Karen Mulder, nacida en Vlaardingen (Países Bajos), alcanzó gran notoriedad internacional en las décadas de 1980 y 1990. Durante ese período, desfiló para prestigiosas maisons de moda como Versace, Dior, Chanel, Yves Saint Laurent y Valentino, protagonizó portadas de revistas como Vogue en diferentes ediciones y formó parte del equipo inicial de maniquíes de Victoria’s Secret. En el apogeo de su trayectoria, figuraba entre las modelos mejor pagadas del mundo.
De acuerdo con The Sunday Guardian, la vida de Mulder cambió drásticamente en 2001. Durante la grabación de “Tout le monde en parle” —un popular programa de televisión francés cuyo título se traduce como “Todo el mundo habla de ello”— la modelo afirmó haber sufrido abusos por parte de policías, cargos políticos, ejecutivos de la agencia Elite Model Management e incluso del príncipe Alberto II de Mónaco. A pesar de que la entrevista estaba prevista para su emisión, nunca llegó a difundirse y, según los testigos, el material habría sido eliminado de los archivos de la cadena.

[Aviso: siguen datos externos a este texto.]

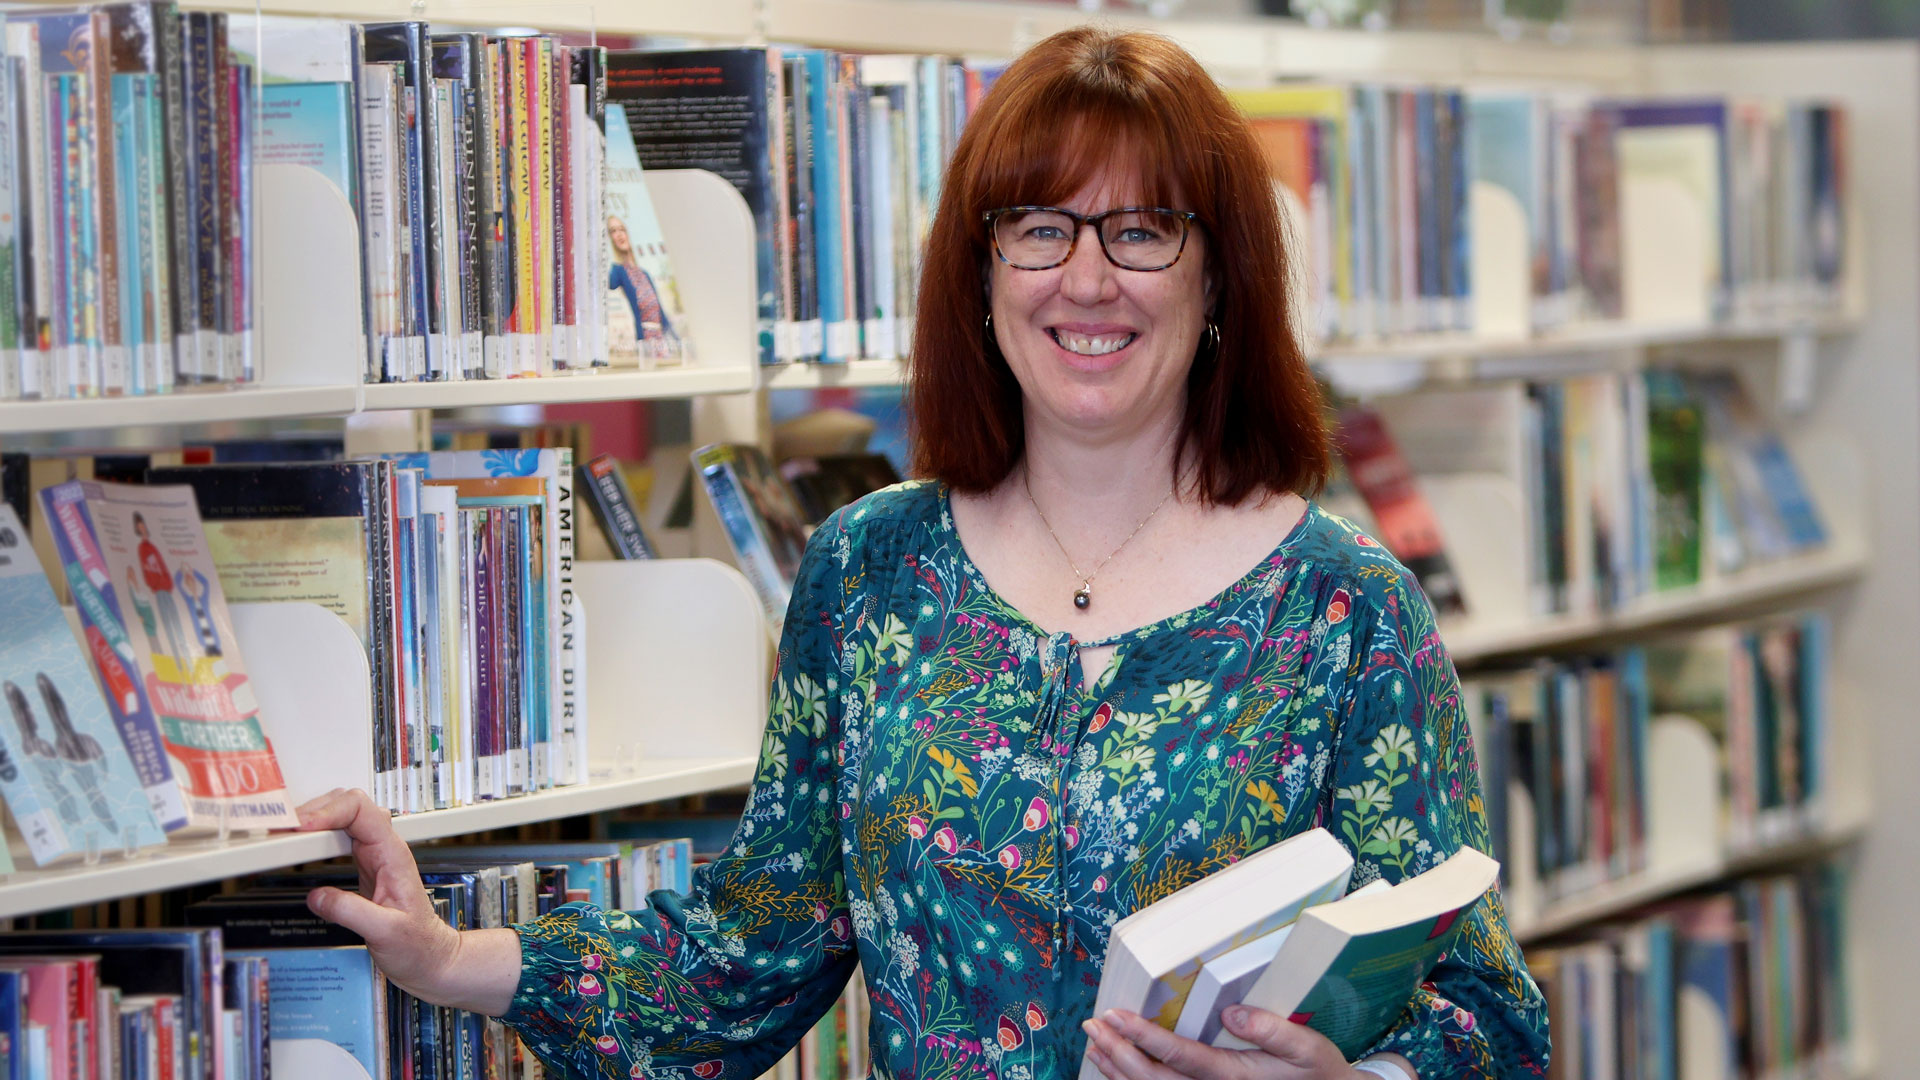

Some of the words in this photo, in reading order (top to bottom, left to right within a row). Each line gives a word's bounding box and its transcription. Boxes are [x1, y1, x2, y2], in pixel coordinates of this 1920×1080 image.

Poco tiempo después, Mulder concedió otra entrevista en París en la que volvió a reiterar las mismas acusaciones. La reacción mediática fue inmediata: en lugar de investigar las denuncias, el foco de atención se centró en su estado de salud mental. Horas después de esa segunda declaración, su hermana la trasladó a la clínica psiquiátrica Villa Montsouris, ubicada en la capital francesa, donde permaneció ingresada durante varios meses. Se informa que los gastos de la estancia fueron asumidos por Gérald Marie, entonces ejecutivo de Elite Model Management y quien más tarde también enfrentaría acusaciones de abuso.
En 2002, la modelo sobrevivió a una tentativa de suicidio tras ingerir una sobredosis de medicamentos y fue hospitalizada de urgencia. Desde entonces, Mulder se ha mantenido al margen de los focos mediáticos. En 2009, llegó a registrarse una breve detención en París tras un incidente en el que supuestamente amenazó a un cirujano plástico, aunque finalmente no prosperaron cargos en su contra.

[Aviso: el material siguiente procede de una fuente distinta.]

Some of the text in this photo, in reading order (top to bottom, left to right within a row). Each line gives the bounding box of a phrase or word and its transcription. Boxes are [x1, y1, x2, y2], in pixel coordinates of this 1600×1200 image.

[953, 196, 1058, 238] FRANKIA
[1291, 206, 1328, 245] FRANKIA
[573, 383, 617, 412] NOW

Con la reciente filtración de los documentos vinculados a Epstein, usuarios de internet han llegado a calificar a Mulder como una posible “denunciante pionera” en torno a los abusos cometidos por figuras de alto perfil. No obstante, hasta la fecha no existen pruebas verificadas que vinculen a la modelo con la red de Epstein ni que hayan llevado a un proceso judicial derivado de sus afirmaciones de 2001.
Jeffrey Epstein, financiero norteamericano condenado en 2008 por proxenetismo de menores, ha sido objeto de múltiples investigaciones por tráfico sexual y asociación ilícita en la última década. La publicación de sus archivos ha reavivado el interés por posibles encubrimientos y por el listado de personalidades que pudieron haber estado vinculadas a sus actividades delictivas.
Por su parte, “Tout le monde en parle” gozó de gran audiencia en Francia por su formato de debate y entrevistas a personajes públicos. Sin embargo, en aquel episodio de 2001 la omisión de la intervención de Mulder ha sido motivo de polémica entre historiadores de la televisión y expertos en ética periodística.
Elite Model Management, la agencia que representó a Mulder, fue fundada en 1972 y durante años dominó el sector de las grandes pasarelas. Con el tiempo, sin embargo, fue salpicada por múltiples denuncias por acoso y abusos, lo que ha reforzado las críticas a prácticas de poder opacas dentro del mundo del modelaje.
El caso de Karen Mulder sigue suscitando interrogantes sobre cómo se gestionan las denuncias de agresiones sexuales en ámbitos de poder y sobre el papel que pueden desempeñar las instituciones psiquiátricas a la hora de desacreditar o silenciar a posibles víctimas. Hasta el momento, la propia modelo no ha hecho declaraciones públicas recientes, y el archivo de The Sunday Guardian permanece como el principal punto de referencia para quienes buscan reconstruir esa parte de su historia.